How to make peace: The best way to divide housework is to make a list of the chores that each of you absolutely hates to do. He'll take care of the chores that you detest, and vice versa. If both of you hate the same task, then tackle it together as a team. Lastly, if you want your partner to help out, yelling won't help. Rather than using accusatory "you" statements ("You never help with the housework"), try "I" statements ("I really appreciate it if you can take out the trash").

3. In-laws

As every newlywed discovers, you don't just acquire a spouse when you get married -- you get the whole family! The key is to learn to coexist with the in-laws. (They're going to stick around -- for better or worse -- so you might as well try to make a positive experience out of it.) Otherwise, every issue from meddling mothers to how often to visit each other's family will only become a source of contention between you and your SO.
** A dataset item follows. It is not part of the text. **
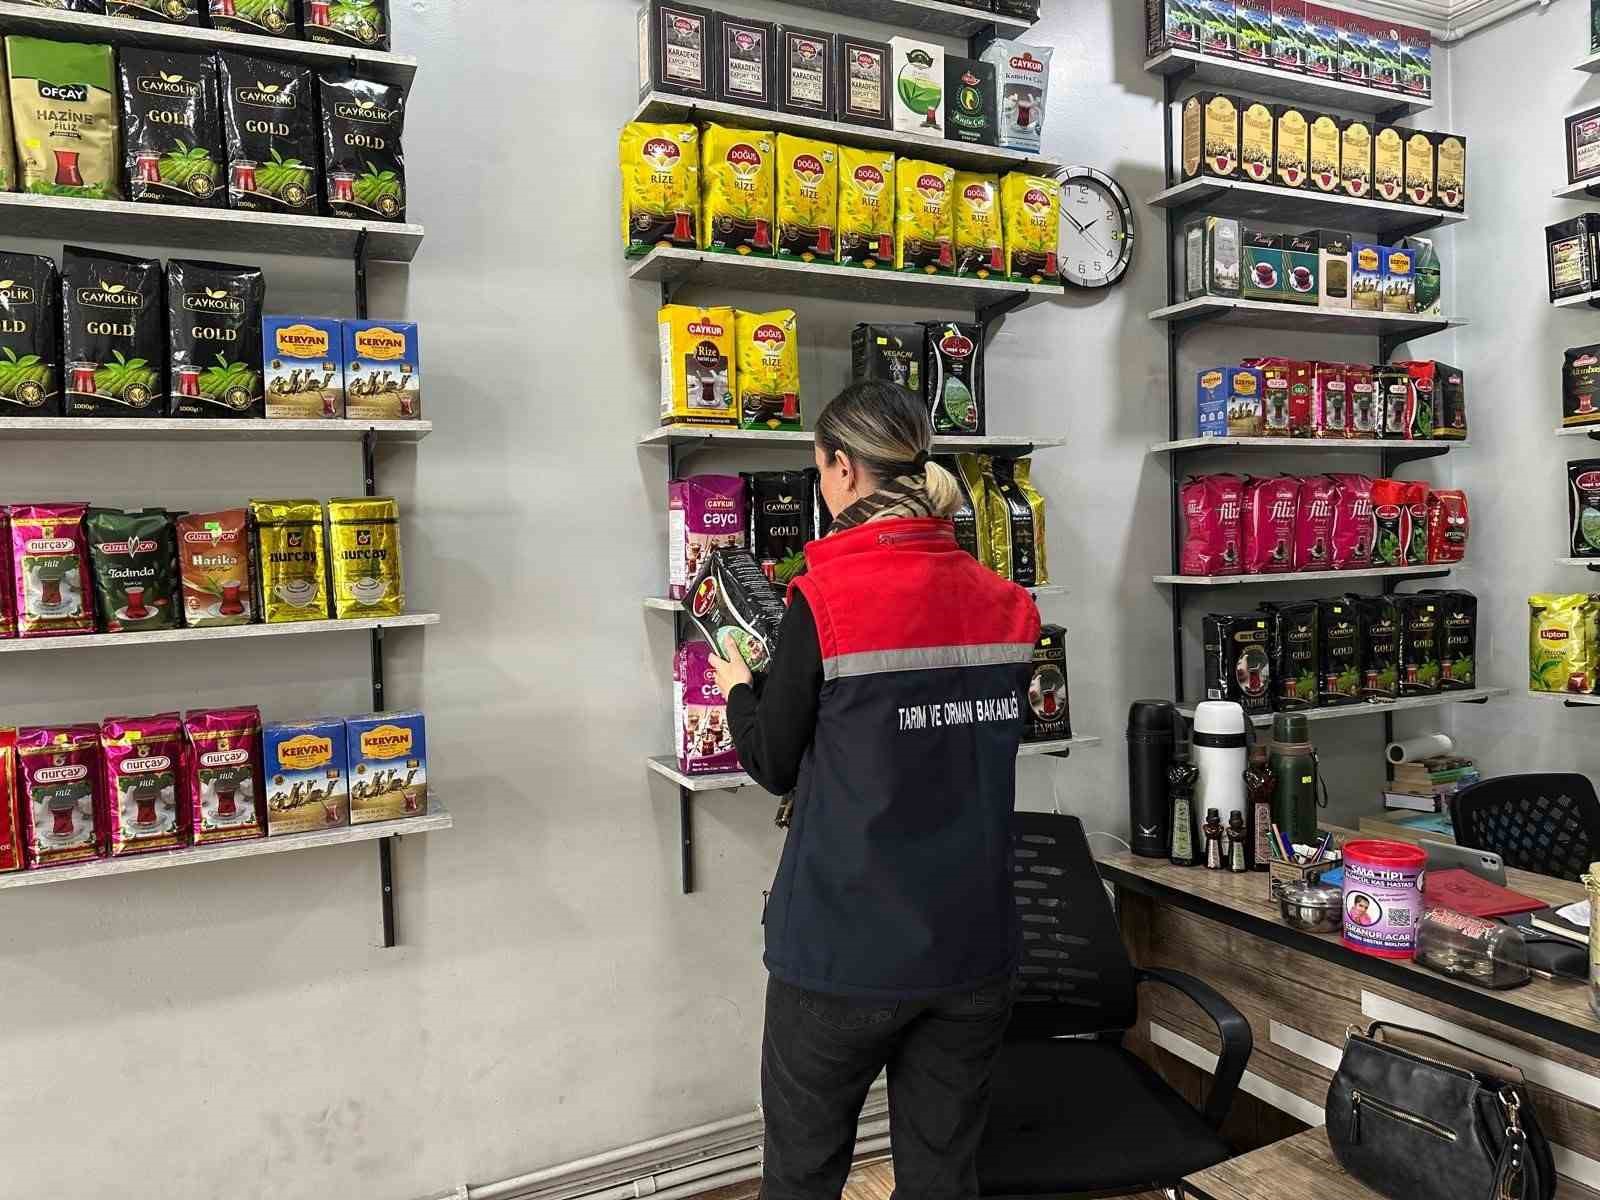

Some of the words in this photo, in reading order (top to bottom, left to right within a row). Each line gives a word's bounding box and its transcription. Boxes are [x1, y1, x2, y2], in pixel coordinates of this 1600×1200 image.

How to make peace: His mom may not be your favorite person on the planet, but the more you zoom in on her flaws, the worse she appears. Instead, focus on the good stuff -- remember she is someone who loves the same person you love, and she's always there whenever you need help to look after the kids -- and you'll see her in a different light. Also keep in mind that the most important part of dealing with in-laws is making sure that they do not get in the way of your marriage, so you need to make a mutual commitment that your relationship gets top priority. And if this means skipping a family get-together to catch up on couple time, hey, that's perfectly okay.